IL TEMA DEL CONTROLLO. Ma alla base di tutto questo c’è anche un ragionamento di controllo. «Pulire è un atto terapeutico perché consente di ristabilire l’equilibrio rispetto alle cose che non si possono controllare: il potere di gestire i germi è inversamente proporzionale a quello che si ha di padroneggiare il mondo esterno. In più, guardare questi contenuti provoca un profondo senso di relax». E se pensiamo alle battaglie femministe, che ambivano a un allontanamento delle donne dalla dimensione prettamente domestica? «Le piattaforme social replicano e amplificano la società offline, analogica. Hanno un fattore di iper-spettacolarizzazione che depoliticizza la posizione delle donne. Non c’è l’attivista che usa il framework della casalinga per mettere in discussione il lavoro non retribuito, tutto viene invece appiattito in una forma performativa: di fatto, quel lavoro viene non retribuito due volte: quando viene compiuto e quando viene sfruttato all’interno di piattaforme che monetizzano i nostri comportamenti online. Perché su quei comportamenti si costruiscono scenari e si incastrano paure che condizionano poi le nostre scelte in materia di acquisti.

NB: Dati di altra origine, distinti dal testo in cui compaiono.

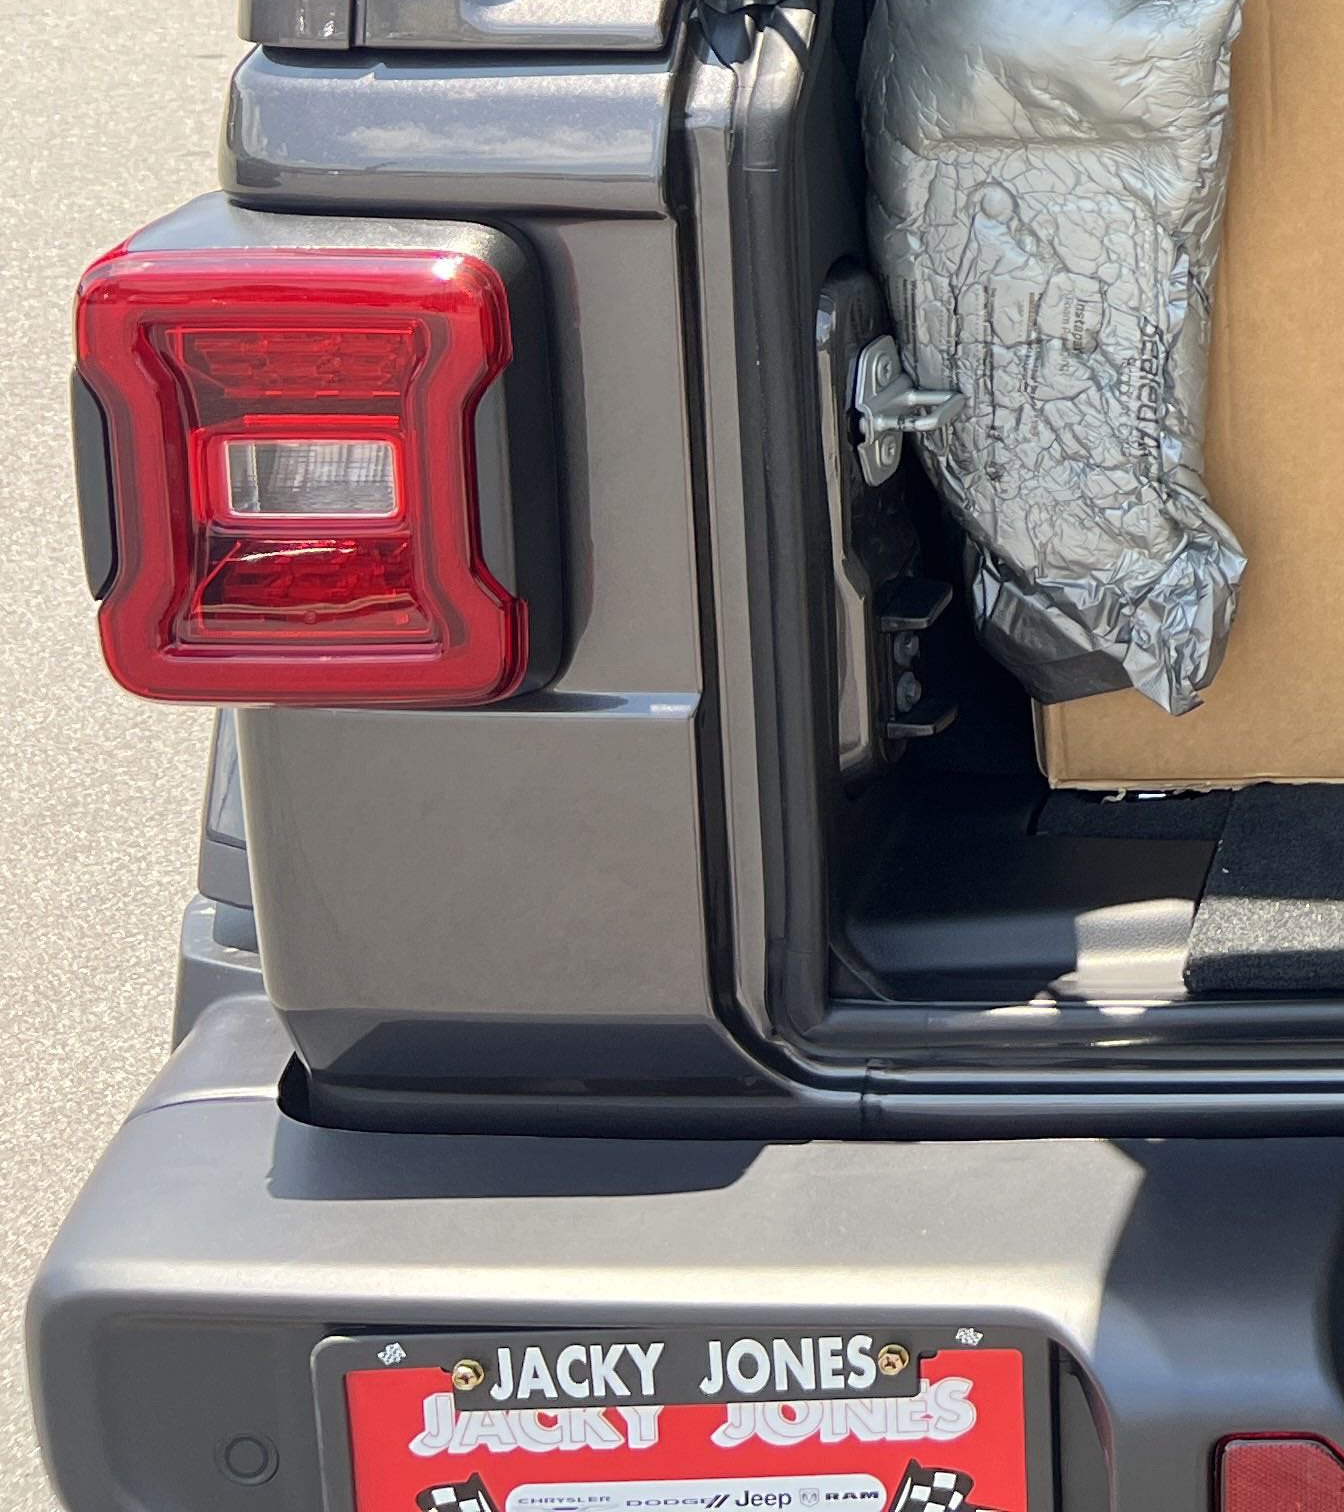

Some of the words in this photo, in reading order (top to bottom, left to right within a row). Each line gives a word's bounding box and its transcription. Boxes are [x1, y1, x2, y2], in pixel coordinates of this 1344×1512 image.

Per cui, dopo avere visto video di case super igienizzate, una donna sarà maggiormente propensa a comprare un prodotto battericida».

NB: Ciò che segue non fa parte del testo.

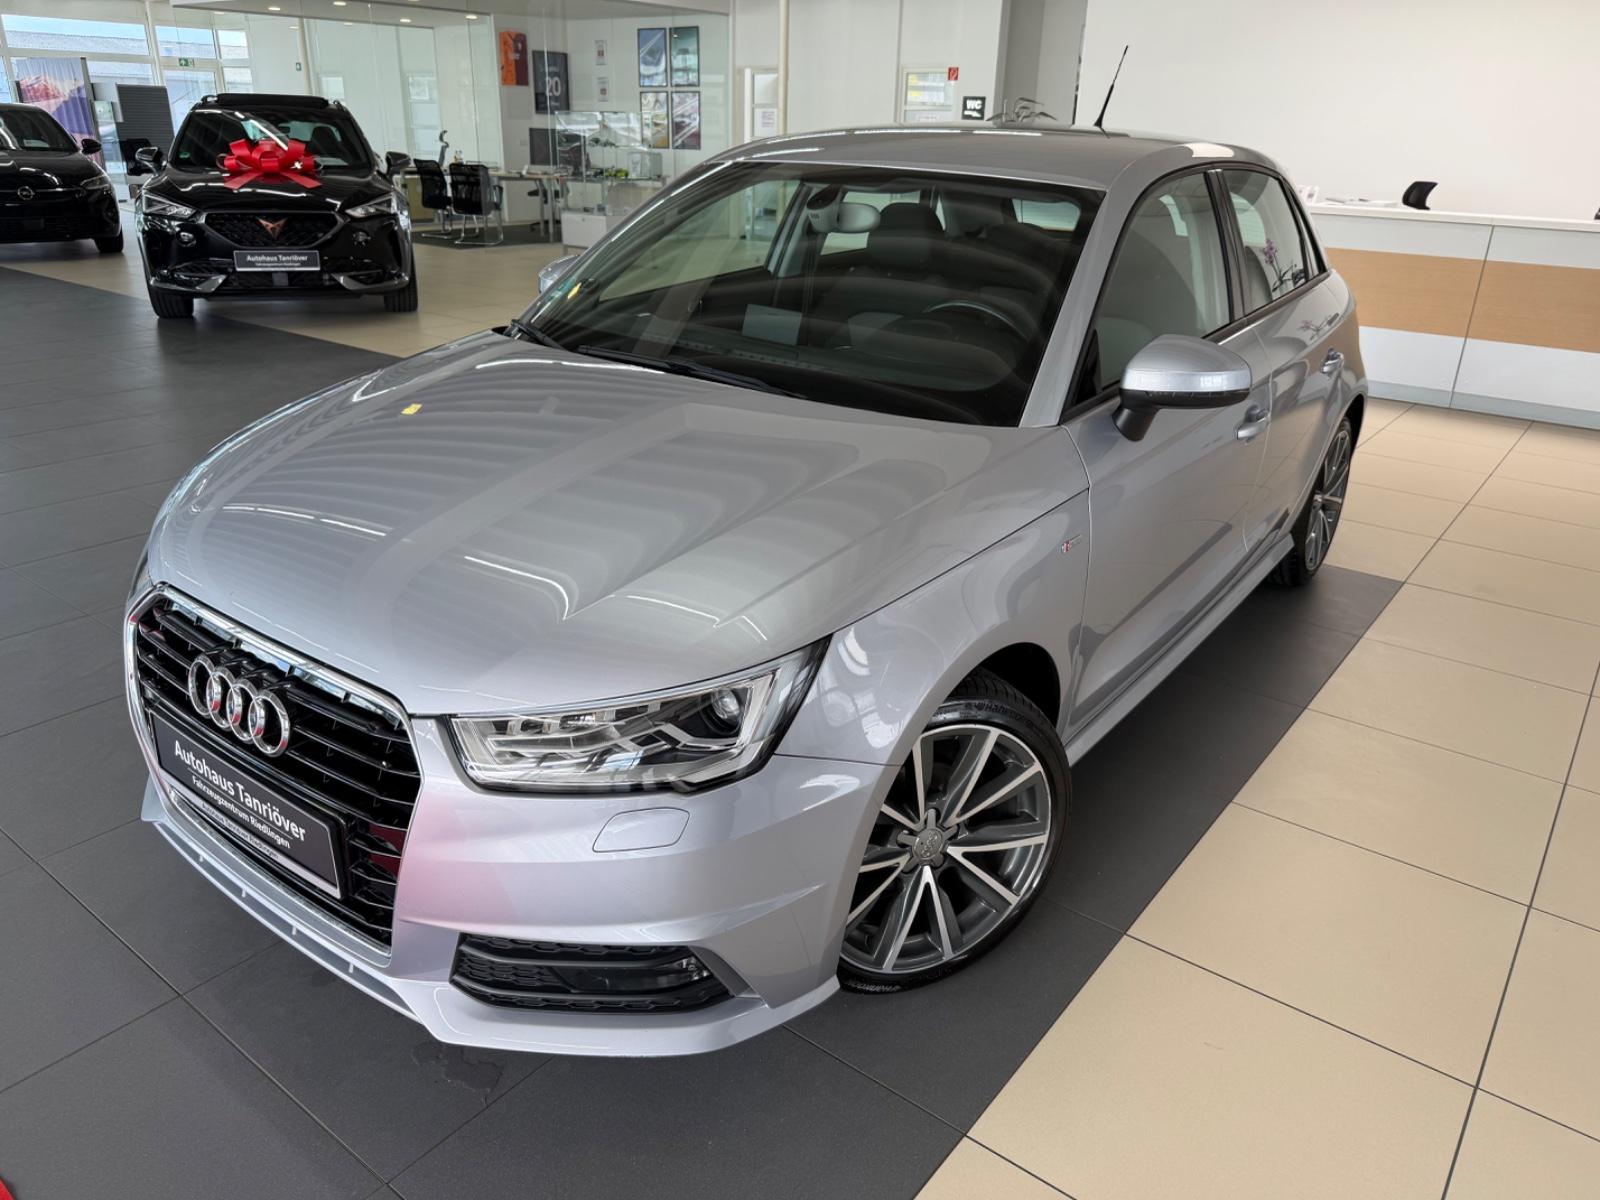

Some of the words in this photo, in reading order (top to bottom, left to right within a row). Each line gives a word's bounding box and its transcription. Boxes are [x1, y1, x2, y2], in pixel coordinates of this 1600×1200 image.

[966, 99, 983, 110] WC
[246, 254, 277, 262] Autohaus
[174, 740, 235, 796] Autohaus
[235, 782, 306, 841] Tanriöver
[192, 775, 253, 823] Fahrzeugzentrum
[250, 815, 291, 849] Riedlingen

L’augurio di Claudia Cantale è «che possa esserci una sintesi tra i ruoli delle donne. La cura non è necessariamente tutto il male possibile, anzi, ma non deve essere un’esclusiva delle donne. Spesso viene raccontata come un obbligo morale che le donne si sono assunte storicamente, anche per motivi di configurazione fisica o mentale, e questa cosa è stata naturalizzata. In realtà è semplicemente una questione culturale: avere cura non è questione di genere. Mi auguro che in futuro ci siano le condizioni sociali in cui la donna possa continuare ad avere cura della propria casa, dei propri amori, e contemporaneamente scegliere di avere una vita professionale senza dovere moltiplicare le proprie ore di lavoro».